Start of Recorded information

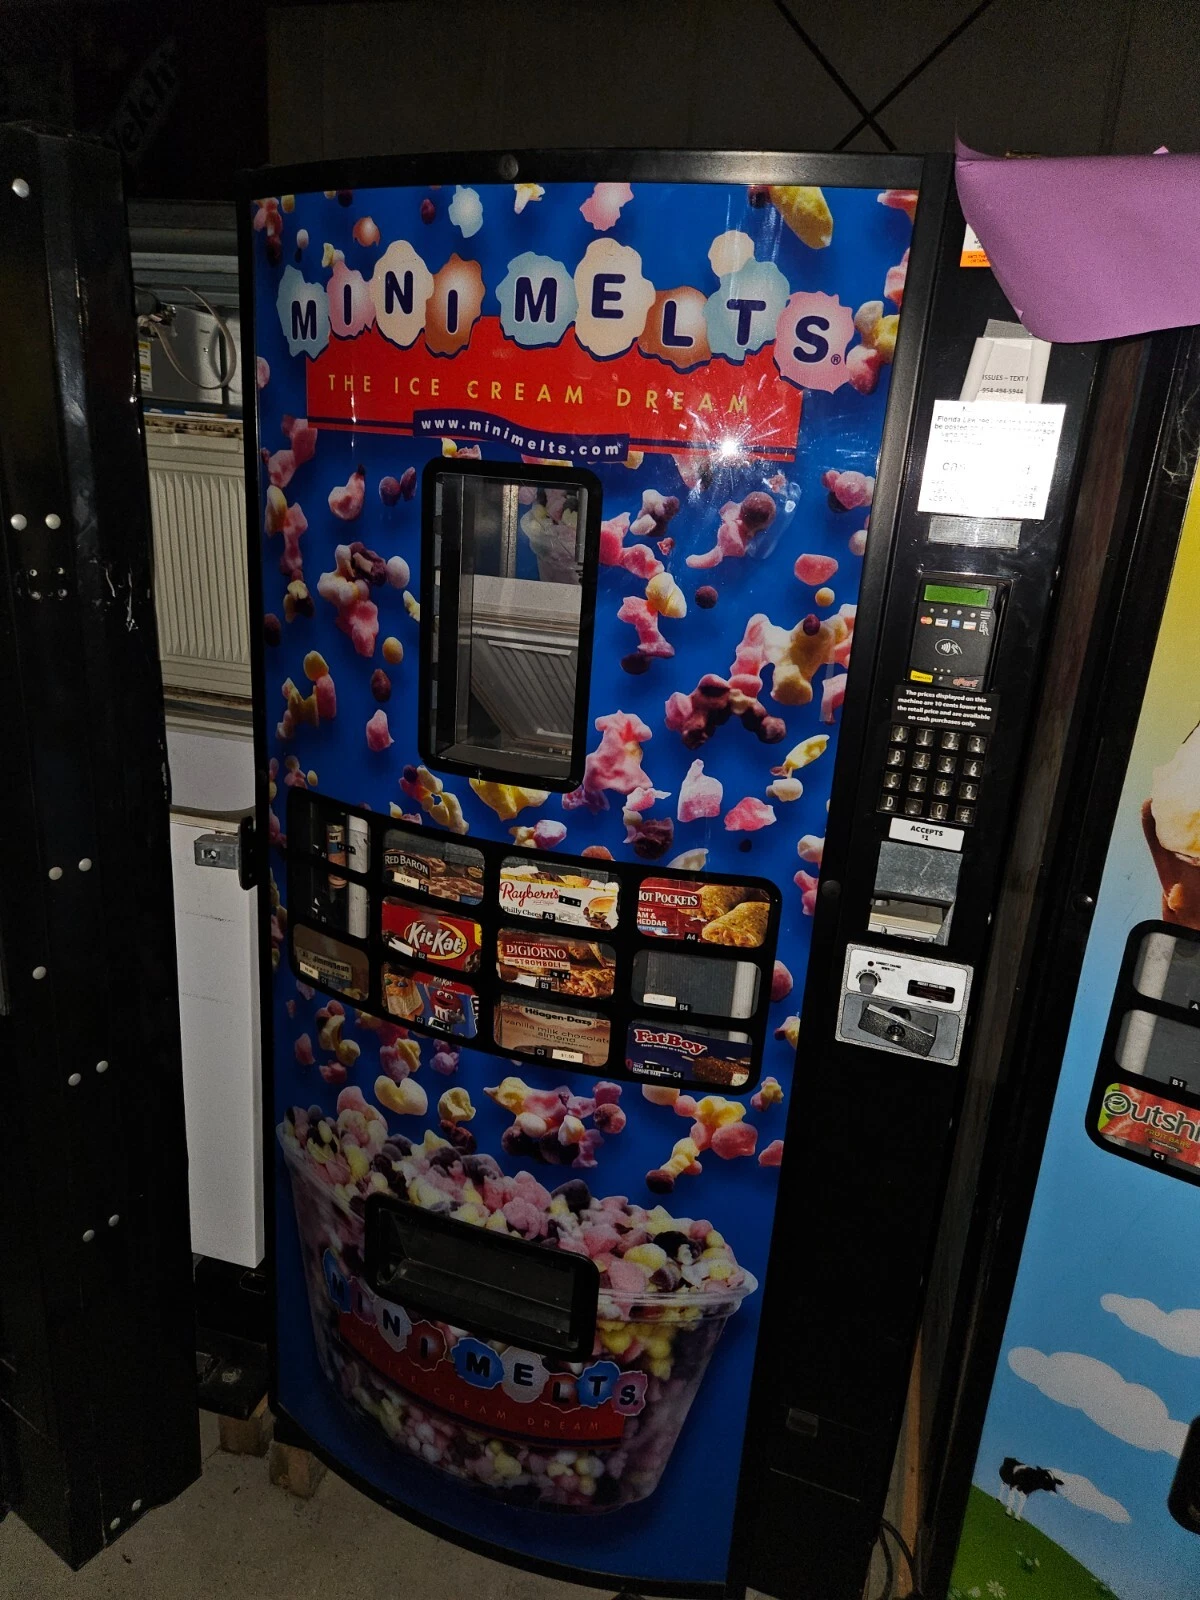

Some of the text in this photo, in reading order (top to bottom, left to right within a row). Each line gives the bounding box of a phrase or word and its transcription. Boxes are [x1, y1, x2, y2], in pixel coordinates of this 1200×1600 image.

[290, 269, 833, 364] MINI MELTS
[329, 374, 747, 415] THE ICE CREAM DREAM
[937, 415, 961, 423] Florida
[421, 418, 620, 457] www.minimelts.com
[894, 750, 901, 762] B
[919, 754, 926, 768] 4
[944, 757, 952, 771] 5
[970, 761, 978, 776] 6
[890, 774, 897, 786] C
[939, 781, 947, 794] 8
[966, 785, 973, 798] 9
[887, 796, 894, 807] D
[936, 804, 943, 817] 0
[910, 825, 944, 837] ACCEPTS
[385, 854, 429, 876] RED BARON
[500, 881, 560, 908] Raybern's
[655, 891, 698, 906] POCKETS
[408, 921, 463, 956] KitKat
[686, 933, 696, 941] A4
[514, 959, 561, 968] STROMBOLI
[679, 1004, 689, 1012] B4
[504, 1019, 535, 1031] vanilla
[537, 1027, 559, 1035] milk
[537, 1032, 576, 1043] almond
[536, 1048, 545, 1056] C3
[672, 1071, 682, 1079] C4
[1172, 1078, 1184, 1088] B1
[1153, 1152, 1165, 1160] C1
[465, 1350, 641, 1407] MELTS
[527, 1414, 600, 1432] DREAM

End of Recorded information

● **Assignment**
When you copy the lines above, drop the pictures and keep everything else exact.

● **Response**
Some of the text in this photo, in reading order (top to bottom, left to right within a row). Each line gives the bounding box of a phrase or word and its transcription. Boxes are [x1, y1, x2, y2], in pixel coordinates of this 1200×1600 image.

[290, 269, 833, 364] MINI MELTS
[329, 374, 747, 415] THE ICE CREAM DREAM
[937, 415, 961, 423] Florida
[421, 418, 620, 457] www.minimelts.com
[894, 750, 901, 762] B
[919, 754, 926, 768] 4
[944, 757, 952, 771] 5
[970, 761, 978, 776] 6
[890, 774, 897, 786] C
[939, 781, 947, 794] 8
[966, 785, 973, 798] 9
[887, 796, 894, 807] D
[936, 804, 943, 817] 0
[910, 825, 944, 837] ACCEPTS
[385, 854, 429, 876] RED BARON
[500, 881, 560, 908] Raybern's
[655, 891, 698, 906] POCKETS
[408, 921, 463, 956] KitKat
[686, 933, 696, 941] A4
[514, 959, 561, 968] STROMBOLI
[679, 1004, 689, 1012] B4
[504, 1019, 535, 1031] vanilla
[537, 1027, 559, 1035] milk
[537, 1032, 576, 1043] almond
[536, 1048, 545, 1056] C3
[672, 1071, 682, 1079] C4
[1172, 1078, 1184, 1088] B1
[1153, 1152, 1165, 1160] C1
[465, 1350, 641, 1407] MELTS
[527, 1414, 600, 1432] DREAM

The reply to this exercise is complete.